Goal of the exercise: Every entry below must be reproduced exactly.

(Referring expression grounding data)
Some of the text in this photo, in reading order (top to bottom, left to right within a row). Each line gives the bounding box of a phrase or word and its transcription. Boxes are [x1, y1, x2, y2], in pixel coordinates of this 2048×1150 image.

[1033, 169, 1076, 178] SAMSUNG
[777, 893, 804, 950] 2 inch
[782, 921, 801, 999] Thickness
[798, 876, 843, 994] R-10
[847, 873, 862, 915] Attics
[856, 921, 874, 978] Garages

Answer section:
Some of the text in this photo, in reading order (top to bottom, left to right within a row). Each line gives the bounding box of a phrase or word and its transcription. Boxes are [x1, y1, x2, y2], in pixel coordinates of this 2048×1150 image.

[1033, 169, 1076, 178] SAMSUNG
[777, 893, 804, 950] 2 inch
[782, 921, 801, 999] Thickness
[798, 876, 843, 994] R-10
[847, 873, 862, 915] Attics
[856, 921, 874, 978] Garages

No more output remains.